• **Problem**
All of the data must be output without alteration.

• **Data for processing**
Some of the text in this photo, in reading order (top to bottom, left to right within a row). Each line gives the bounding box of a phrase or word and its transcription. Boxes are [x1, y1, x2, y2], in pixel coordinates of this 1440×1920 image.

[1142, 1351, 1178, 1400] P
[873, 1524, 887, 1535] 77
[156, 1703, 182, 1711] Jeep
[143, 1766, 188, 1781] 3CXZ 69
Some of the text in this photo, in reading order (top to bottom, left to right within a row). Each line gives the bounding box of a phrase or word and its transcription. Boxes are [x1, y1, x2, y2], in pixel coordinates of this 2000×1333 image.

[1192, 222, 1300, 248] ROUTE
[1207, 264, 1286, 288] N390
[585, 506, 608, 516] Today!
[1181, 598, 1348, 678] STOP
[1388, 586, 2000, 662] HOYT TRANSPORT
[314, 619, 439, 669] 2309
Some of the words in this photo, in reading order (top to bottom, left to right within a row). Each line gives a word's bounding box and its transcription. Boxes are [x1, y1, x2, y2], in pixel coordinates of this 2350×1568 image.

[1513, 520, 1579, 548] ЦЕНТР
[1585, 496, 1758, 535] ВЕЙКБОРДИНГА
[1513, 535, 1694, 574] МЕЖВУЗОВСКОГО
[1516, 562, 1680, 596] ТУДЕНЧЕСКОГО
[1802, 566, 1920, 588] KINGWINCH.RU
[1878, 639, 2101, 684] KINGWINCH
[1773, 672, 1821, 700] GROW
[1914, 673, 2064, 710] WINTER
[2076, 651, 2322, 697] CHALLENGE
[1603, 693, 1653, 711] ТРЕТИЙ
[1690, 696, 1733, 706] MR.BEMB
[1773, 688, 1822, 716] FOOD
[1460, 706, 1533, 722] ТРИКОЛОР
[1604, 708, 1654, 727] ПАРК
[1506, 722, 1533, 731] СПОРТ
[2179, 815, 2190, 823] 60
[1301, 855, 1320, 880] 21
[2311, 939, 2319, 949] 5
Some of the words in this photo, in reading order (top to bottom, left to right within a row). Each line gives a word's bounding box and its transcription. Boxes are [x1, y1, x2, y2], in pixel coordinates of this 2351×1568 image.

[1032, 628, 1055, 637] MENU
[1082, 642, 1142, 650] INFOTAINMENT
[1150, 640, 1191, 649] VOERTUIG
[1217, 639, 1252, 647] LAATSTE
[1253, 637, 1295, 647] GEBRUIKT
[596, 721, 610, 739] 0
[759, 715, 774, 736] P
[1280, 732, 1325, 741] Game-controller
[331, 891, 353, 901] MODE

• **Problem solution**
Some of the text in this photo, in reading order (top to bottom, left to right within a row). Each line gives the bounding box of a phrase or word and its transcription. Boxes are [x1, y1, x2, y2], in pixel coordinates of this 1440×1920 image.

[1142, 1351, 1178, 1400] P
[873, 1524, 887, 1535] 77
[156, 1703, 182, 1711] Jeep
[143, 1766, 188, 1781] 3CXZ 69
Some of the text in this photo, in reading order (top to bottom, left to right within a row). Each line gives the bounding box of a phrase or word and its transcription. Boxes are [x1, y1, x2, y2], in pixel coordinates of this 2000×1333 image.

[1192, 222, 1300, 248] ROUTE
[1207, 264, 1286, 288] N390
[585, 506, 608, 516] Today!
[1181, 598, 1348, 678] STOP
[1388, 586, 2000, 662] HOYT TRANSPORT
[314, 619, 439, 669] 2309
Some of the words in this photo, in reading order (top to bottom, left to right within a row). Each line gives a word's bounding box and its transcription. Boxes are [x1, y1, x2, y2], in pixel coordinates of this 2350×1568 image.

[1513, 520, 1579, 548] ЦЕНТР
[1585, 496, 1758, 535] ВЕЙКБОРДИНГА
[1513, 535, 1694, 574] МЕЖВУЗОВСКОГО
[1516, 562, 1680, 596] ТУДЕНЧЕСКОГО
[1802, 566, 1920, 588] KINGWINCH.RU
[1878, 639, 2101, 684] KINGWINCH
[1773, 672, 1821, 700] GROW
[1914, 673, 2064, 710] WINTER
[2076, 651, 2322, 697] CHALLENGE
[1603, 693, 1653, 711] ТРЕТИЙ
[1690, 696, 1733, 706] MR.BEMB
[1773, 688, 1822, 716] FOOD
[1460, 706, 1533, 722] ТРИКОЛОР
[1604, 708, 1654, 727] ПАРК
[1506, 722, 1533, 731] СПОРТ
[2179, 815, 2190, 823] 60
[1301, 855, 1320, 880] 21
[2311, 939, 2319, 949] 5
Some of the words in this photo, in reading order (top to bottom, left to right within a row). Each line gives a word's bounding box and its transcription. Boxes are [x1, y1, x2, y2], in pixel coordinates of this 2351×1568 image.

[1032, 628, 1055, 637] MENU
[1082, 642, 1142, 650] INFOTAINMENT
[1150, 640, 1191, 649] VOERTUIG
[1217, 639, 1252, 647] LAATSTE
[1253, 637, 1295, 647] GEBRUIKT
[596, 721, 610, 739] 0
[759, 715, 774, 736] P
[1280, 732, 1325, 741] Game-controller
[331, 891, 353, 901] MODE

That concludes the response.